▸ What needs to be done: The whole listing below is to be copied exactly.

▸ Data for the task:
----------
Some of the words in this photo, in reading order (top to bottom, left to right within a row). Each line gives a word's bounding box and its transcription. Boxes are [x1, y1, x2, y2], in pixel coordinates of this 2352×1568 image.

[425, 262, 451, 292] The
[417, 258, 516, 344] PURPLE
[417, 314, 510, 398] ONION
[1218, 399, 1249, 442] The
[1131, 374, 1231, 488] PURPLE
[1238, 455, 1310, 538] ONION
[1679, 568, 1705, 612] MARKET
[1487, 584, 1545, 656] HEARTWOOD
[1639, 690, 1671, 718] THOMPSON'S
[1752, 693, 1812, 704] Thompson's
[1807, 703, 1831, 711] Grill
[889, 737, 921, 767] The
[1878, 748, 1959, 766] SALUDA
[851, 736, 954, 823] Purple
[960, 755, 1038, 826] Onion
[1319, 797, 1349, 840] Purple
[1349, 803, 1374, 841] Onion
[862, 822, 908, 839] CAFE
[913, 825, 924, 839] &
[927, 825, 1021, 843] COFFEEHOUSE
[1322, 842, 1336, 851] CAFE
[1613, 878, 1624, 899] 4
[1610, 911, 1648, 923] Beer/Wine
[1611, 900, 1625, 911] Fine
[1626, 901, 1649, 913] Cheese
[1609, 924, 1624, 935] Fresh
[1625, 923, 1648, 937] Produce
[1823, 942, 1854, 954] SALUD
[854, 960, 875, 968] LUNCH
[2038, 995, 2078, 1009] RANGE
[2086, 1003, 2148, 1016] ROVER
----------
▸ Expected output:
Some of the words in this photo, in reading order (top to bottom, left to right within a row). Each line gives a word's bounding box and its transcription. Boxes are [x1, y1, x2, y2], in pixel coordinates of this 2352×1568 image.

[425, 262, 451, 292] The
[417, 258, 516, 344] PURPLE
[417, 314, 510, 398] ONION
[1218, 399, 1249, 442] The
[1131, 374, 1231, 488] PURPLE
[1238, 455, 1310, 538] ONION
[1679, 568, 1705, 612] MARKET
[1487, 584, 1545, 656] HEARTWOOD
[1639, 690, 1671, 718] THOMPSON'S
[1752, 693, 1812, 704] Thompson's
[1807, 703, 1831, 711] Grill
[889, 737, 921, 767] The
[1878, 748, 1959, 766] SALUDA
[851, 736, 954, 823] Purple
[960, 755, 1038, 826] Onion
[1319, 797, 1349, 840] Purple
[1349, 803, 1374, 841] Onion
[862, 822, 908, 839] CAFE
[913, 825, 924, 839] &
[927, 825, 1021, 843] COFFEEHOUSE
[1322, 842, 1336, 851] CAFE
[1613, 878, 1624, 899] 4
[1610, 911, 1648, 923] Beer/Wine
[1611, 900, 1625, 911] Fine
[1626, 901, 1649, 913] Cheese
[1609, 924, 1624, 935] Fresh
[1625, 923, 1648, 937] Produce
[1823, 942, 1854, 954] SALUD
[854, 960, 875, 968] LUNCH
[2038, 995, 2078, 1009] RANGE
[2086, 1003, 2148, 1016] ROVER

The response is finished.